Stored data entries:
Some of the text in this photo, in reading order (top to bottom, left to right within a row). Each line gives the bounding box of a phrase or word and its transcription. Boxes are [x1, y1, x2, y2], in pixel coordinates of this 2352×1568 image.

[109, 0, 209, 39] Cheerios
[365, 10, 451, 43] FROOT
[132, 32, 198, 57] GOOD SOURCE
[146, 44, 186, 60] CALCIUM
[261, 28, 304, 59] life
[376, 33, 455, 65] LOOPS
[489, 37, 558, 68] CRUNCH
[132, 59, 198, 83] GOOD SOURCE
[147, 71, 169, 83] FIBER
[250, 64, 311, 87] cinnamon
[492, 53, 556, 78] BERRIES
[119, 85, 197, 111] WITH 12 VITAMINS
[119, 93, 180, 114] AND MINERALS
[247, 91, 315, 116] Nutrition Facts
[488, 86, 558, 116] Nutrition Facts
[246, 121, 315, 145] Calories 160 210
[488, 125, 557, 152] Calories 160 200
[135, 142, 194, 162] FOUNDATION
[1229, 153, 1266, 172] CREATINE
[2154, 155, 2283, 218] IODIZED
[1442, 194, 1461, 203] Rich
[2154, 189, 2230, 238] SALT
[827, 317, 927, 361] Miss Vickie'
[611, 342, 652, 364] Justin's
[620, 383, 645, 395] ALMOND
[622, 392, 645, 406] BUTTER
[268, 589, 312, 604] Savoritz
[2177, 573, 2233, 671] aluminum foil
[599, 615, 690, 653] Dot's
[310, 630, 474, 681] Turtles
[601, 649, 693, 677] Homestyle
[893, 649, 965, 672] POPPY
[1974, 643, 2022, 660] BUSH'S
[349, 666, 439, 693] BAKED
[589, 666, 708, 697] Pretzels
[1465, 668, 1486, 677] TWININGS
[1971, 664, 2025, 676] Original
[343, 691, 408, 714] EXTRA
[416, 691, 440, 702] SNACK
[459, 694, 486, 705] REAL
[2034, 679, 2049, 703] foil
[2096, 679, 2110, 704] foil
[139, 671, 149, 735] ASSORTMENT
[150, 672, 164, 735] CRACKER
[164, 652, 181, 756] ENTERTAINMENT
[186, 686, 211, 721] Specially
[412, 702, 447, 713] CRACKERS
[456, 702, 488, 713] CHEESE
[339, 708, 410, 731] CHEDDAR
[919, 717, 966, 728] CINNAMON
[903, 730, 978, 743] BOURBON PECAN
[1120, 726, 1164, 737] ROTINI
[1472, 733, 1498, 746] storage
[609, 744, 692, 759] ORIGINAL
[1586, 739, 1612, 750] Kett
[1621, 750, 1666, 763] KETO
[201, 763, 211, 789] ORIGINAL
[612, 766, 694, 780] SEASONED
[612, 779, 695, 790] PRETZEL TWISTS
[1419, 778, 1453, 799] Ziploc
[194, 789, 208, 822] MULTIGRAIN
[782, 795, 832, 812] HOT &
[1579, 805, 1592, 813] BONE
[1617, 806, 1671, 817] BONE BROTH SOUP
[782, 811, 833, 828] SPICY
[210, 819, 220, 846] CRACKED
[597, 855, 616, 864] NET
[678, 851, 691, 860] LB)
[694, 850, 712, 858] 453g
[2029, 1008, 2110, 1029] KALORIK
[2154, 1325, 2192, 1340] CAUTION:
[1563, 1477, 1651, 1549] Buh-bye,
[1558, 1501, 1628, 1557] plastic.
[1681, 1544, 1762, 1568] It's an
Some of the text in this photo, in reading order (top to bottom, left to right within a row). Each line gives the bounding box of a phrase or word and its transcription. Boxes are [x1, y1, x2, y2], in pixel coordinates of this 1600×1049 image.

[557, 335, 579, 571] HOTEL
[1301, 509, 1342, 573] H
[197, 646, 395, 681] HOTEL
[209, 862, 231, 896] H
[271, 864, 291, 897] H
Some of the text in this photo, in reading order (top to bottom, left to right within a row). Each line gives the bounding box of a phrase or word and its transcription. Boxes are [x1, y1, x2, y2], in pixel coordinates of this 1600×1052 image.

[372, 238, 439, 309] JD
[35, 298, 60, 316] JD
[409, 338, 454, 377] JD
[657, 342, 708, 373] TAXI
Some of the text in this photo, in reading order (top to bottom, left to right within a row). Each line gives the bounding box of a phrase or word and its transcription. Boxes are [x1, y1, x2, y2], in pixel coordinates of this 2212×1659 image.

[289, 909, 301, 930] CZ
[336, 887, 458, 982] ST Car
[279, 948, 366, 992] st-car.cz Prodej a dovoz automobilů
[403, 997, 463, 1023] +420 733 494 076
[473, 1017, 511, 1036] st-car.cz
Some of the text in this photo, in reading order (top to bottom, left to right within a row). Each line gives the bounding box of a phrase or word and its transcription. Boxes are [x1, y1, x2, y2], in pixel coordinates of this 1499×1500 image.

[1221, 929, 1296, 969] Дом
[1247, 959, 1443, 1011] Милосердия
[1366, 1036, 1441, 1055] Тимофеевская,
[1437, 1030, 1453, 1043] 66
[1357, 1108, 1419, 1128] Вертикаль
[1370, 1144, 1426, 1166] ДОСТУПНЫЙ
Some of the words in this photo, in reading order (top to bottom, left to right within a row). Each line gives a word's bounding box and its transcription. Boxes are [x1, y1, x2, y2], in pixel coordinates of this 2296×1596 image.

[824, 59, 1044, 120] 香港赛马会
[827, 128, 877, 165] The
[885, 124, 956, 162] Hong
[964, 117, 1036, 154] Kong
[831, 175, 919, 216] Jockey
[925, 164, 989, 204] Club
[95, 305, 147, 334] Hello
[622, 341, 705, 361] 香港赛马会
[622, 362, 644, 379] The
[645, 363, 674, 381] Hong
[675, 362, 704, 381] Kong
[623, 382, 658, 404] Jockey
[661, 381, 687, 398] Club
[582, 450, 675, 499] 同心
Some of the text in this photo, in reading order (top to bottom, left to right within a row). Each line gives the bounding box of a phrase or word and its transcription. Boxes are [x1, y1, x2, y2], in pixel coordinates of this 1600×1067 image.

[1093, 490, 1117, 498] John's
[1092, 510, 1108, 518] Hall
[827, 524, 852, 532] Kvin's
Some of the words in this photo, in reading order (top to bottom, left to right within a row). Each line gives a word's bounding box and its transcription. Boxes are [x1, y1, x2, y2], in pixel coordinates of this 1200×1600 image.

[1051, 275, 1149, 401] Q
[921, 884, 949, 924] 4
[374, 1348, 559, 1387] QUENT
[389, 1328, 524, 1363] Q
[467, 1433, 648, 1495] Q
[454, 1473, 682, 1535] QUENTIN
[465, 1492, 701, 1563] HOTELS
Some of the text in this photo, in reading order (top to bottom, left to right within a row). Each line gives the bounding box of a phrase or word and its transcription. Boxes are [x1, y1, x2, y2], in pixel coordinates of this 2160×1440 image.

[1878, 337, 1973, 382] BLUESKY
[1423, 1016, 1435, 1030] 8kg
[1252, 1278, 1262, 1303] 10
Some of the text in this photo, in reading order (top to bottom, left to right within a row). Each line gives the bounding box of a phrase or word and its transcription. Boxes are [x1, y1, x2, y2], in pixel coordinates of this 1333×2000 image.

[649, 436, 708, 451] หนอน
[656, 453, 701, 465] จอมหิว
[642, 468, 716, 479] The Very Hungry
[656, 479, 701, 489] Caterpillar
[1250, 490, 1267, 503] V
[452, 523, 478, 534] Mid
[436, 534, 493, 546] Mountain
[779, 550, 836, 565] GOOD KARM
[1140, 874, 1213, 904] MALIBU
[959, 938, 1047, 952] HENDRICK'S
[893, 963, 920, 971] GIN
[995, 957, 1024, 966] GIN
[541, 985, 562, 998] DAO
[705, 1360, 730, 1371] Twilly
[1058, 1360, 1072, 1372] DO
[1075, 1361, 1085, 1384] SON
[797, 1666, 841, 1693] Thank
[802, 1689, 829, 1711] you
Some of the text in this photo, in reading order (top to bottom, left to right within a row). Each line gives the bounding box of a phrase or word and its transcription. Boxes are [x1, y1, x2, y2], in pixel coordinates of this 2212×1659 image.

- _TASK PROMPT_: Starting from the line containing "this 2160×1440 image." and ending with the final line of the data, reproduce each line exactly as it appears, including no other lines.

- _RESPONSE FOR THIS EXERCISE_:
Some of the text in this photo, in reading order (top to bottom, left to right within a row). Each line gives the bounding box of a phrase or word and its transcription. Boxes are [x1, y1, x2, y2], in pixel coordinates of this 2160×1440 image.

[1878, 337, 1973, 382] BLUESKY
[1423, 1016, 1435, 1030] 8kg
[1252, 1278, 1262, 1303] 10
Some of the text in this photo, in reading order (top to bottom, left to right within a row). Each line gives the bounding box of a phrase or word and its transcription. Boxes are [x1, y1, x2, y2], in pixel coordinates of this 1333×2000 image.

[649, 436, 708, 451] หนอน
[656, 453, 701, 465] จอมหิว
[642, 468, 716, 479] The Very Hungry
[656, 479, 701, 489] Caterpillar
[1250, 490, 1267, 503] V
[452, 523, 478, 534] Mid
[436, 534, 493, 546] Mountain
[779, 550, 836, 565] GOOD KARM
[1140, 874, 1213, 904] MALIBU
[959, 938, 1047, 952] HENDRICK'S
[893, 963, 920, 971] GIN
[995, 957, 1024, 966] GIN
[541, 985, 562, 998] DAO
[705, 1360, 730, 1371] Twilly
[1058, 1360, 1072, 1372] DO
[1075, 1361, 1085, 1384] SON
[797, 1666, 841, 1693] Thank
[802, 1689, 829, 1711] you
Some of the text in this photo, in reading order (top to bottom, left to right within a row). Each line gives the bounding box of a phrase or word and its transcription. Boxes are [x1, y1, x2, y2], in pixel coordinates of this 2212×1659 image.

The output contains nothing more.